Salon has a great interview with Karen Armstrong in regards to some thoughts in her new book The Great Transformation: The Beginning of Our Religious Traditions She covers a lot of ground in the interview - including the history of monotheism, why most of what say about God is "unreligious," why the afterlife should be irrelevant, and our misconception of Isalm as a religion of violence [where she notes "that there are more passages in the Bible than in the Quran that are dedicated to violence."]
Stimulating. Thought provoking. Well worth the time.

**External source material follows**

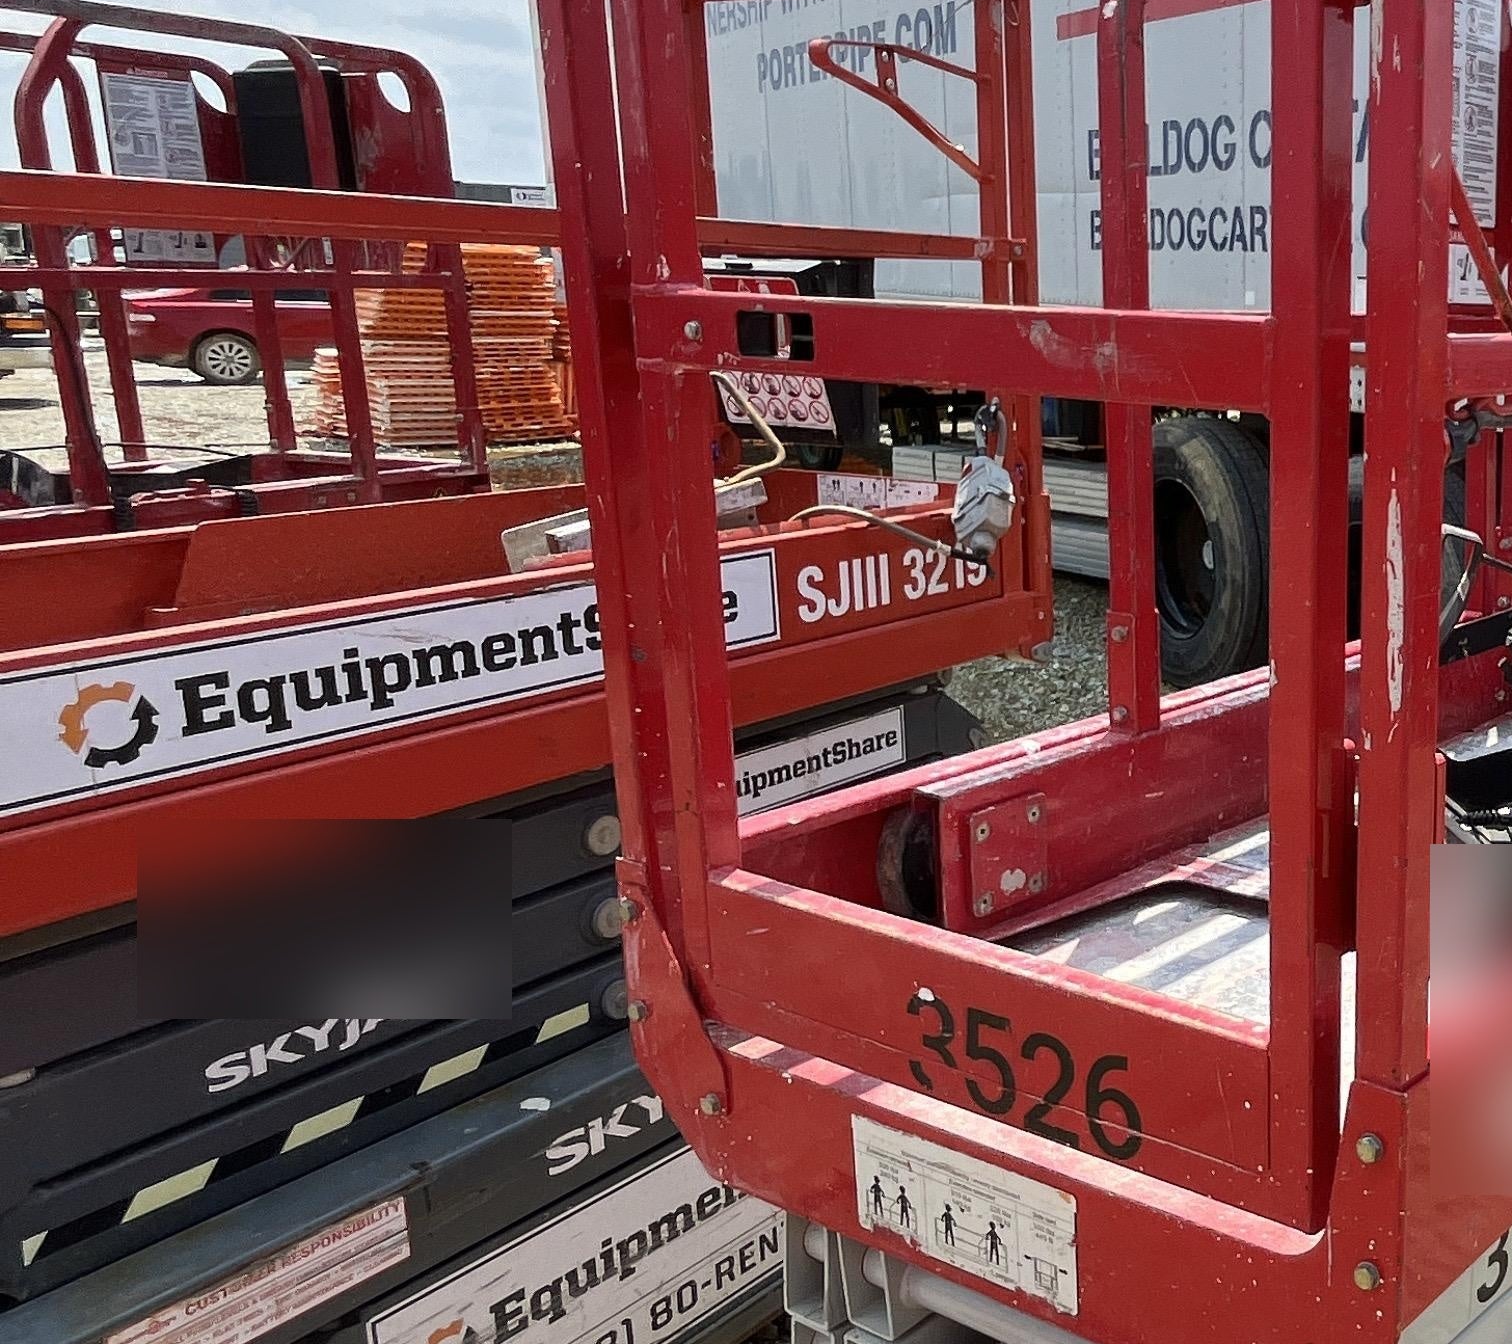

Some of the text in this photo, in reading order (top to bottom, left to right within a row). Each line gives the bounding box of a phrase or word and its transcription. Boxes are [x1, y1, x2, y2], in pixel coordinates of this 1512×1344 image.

Here's just a taste of the interview...
Religion is hard work. It's an art form. It's a way of finding meaning, like art, like painting, like poetry, in a world that is violent and cruel and often seems meaningless. And art is hard work. You don't just dash off a painting. It takes years of study. I think we expect religious knowledge to be instant. But religious knowledge comes incrementally and slowly. And religion is like any other activity. It's like cooking or sex or science. You have good art, sex and science, and bad art, sex and science. It's not easy to do it well.So how should we approach the sacred texts? How should we read them?
Sacred texts have traditionally been a bridge to the divine. They're all difficult. They're not a simple manual - a how-to book that will tell you how to gain enlightenment by next week, like how to lose weight on the Atkins diet. This is a slow process. I think the best image for reading scripture occurs in the story of Jacob, who wrestles with a stranger all night long. And in the morning, the stranger seems to have been his God. That's when Jacob is given the name Israel - "one who fights with God." And he goes away limping as he walks into the sunrise. Scriptures are a struggle.
Is faith a struggle?
Well, faith is not a matter of believing things. That's again a modern Western notion. It's only been current since the 18th century. Believing things is neither here nor there, despite what some religious people say and what some secularists say. That is a very eccentric religious position, current really only in the Western Christian world. You don't have it much in Judaism, for example.
But it's not surprising that religion has become equated with belief because these are the messages we hear as we grow up, regardless of our faiths.
We hear it from some of them. And I think we've become rather stupid in our scientific age about religion. If you'd presented some of these literalistic readings of the Bible to people in the pre-modern age, they would have found it rather obtuse. They'd have found it incomprehensible that people really believe the first chapter of Genesis is an account of the origins of life.